Keeping prisoners in solitary confinement for almost five years, discrimination against students educated and living in the UK and severely sick and disabled children, criminal penalties for not answering the questions of border officials, the alleged imposition of a disproportionate costs order and images of an alleged child offender being released to newspapers - this seems to be the bedrock of what most people would expect human rights law in the modern world to be about. However, given the subjective nature of the exercise, it is likely that some would find the claims inflated, and the judgments over the top, just as some would find the claims insufficiently bold and the judgments pathetically weak.
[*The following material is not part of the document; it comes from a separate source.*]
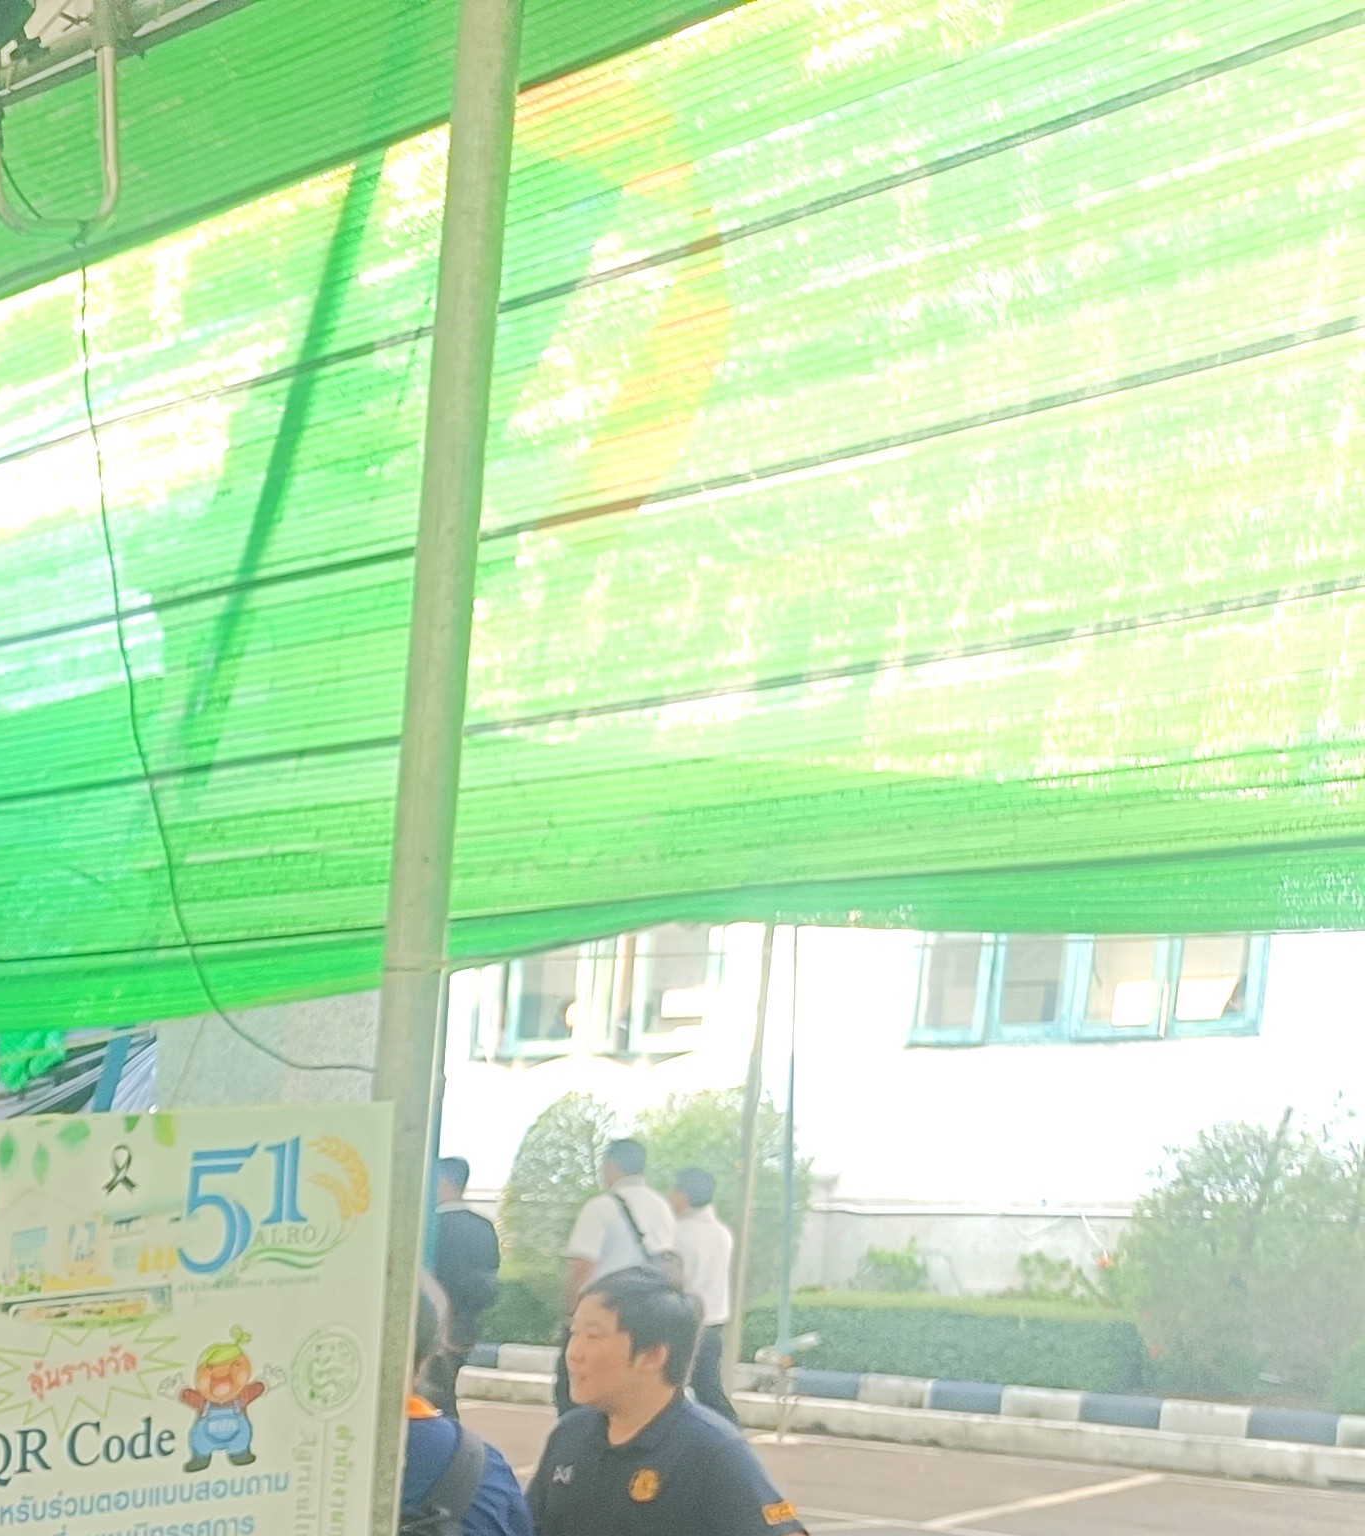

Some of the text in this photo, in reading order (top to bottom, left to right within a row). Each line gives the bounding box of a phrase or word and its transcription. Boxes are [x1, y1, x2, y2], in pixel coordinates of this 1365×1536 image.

[177, 1136, 307, 1275] 51
[27, 1344, 137, 1402] ลุ้นรางวัล
[67, 1416, 176, 1467] Code
The most important thing is that a court, not the government or Parliament, has decided where human rights law begins and where it ends and has applied it equally to all of the claimants before it, regardless of who they might vote for, or whether or not they can vote at all.

Conclusion
To say that a right or claim is inflated is simply another way of saying that you don't agree with it without taking into account the many other different perspectives which may be based on evidence or a just a particular world view. The fact that we often can’t agree on the interpretation and application of human rights law is why in our country the task has been handed over to our independent and impartial judiciary. It was agreed long ago that these fundamental human rights are just too important for populist politics and grandstanding. Sure, disagree with what the courts might decide and argue that people are hideously selfish for trying to get the most out of human rights law. But to suggest that the players should be able to adjust the rules of the game as they go along to ensure that they always win undermines the rule of law and leaves us all vulnerable to politically motivated violations of our human rights.